### WORK INSTRUCTION
Write the entries out in full, matching them exactly.

SOURCE INFORMATION below:

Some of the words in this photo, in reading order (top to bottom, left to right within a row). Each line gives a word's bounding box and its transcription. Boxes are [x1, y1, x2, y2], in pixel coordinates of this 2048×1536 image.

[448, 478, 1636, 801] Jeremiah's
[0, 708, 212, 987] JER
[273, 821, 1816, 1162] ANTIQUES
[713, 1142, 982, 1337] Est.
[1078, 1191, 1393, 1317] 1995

End of SOURCE INFORMATION.

### EXERCISE RESPONSE
Some of the words in this photo, in reading order (top to bottom, left to right within a row). Each line gives a word's bounding box and its transcription. Boxes are [x1, y1, x2, y2], in pixel coordinates of this 2048×1536 image.

[448, 478, 1636, 801] Jeremiah's
[0, 708, 212, 987] JER
[273, 821, 1816, 1162] ANTIQUES
[713, 1142, 982, 1337] Est.
[1078, 1191, 1393, 1317] 1995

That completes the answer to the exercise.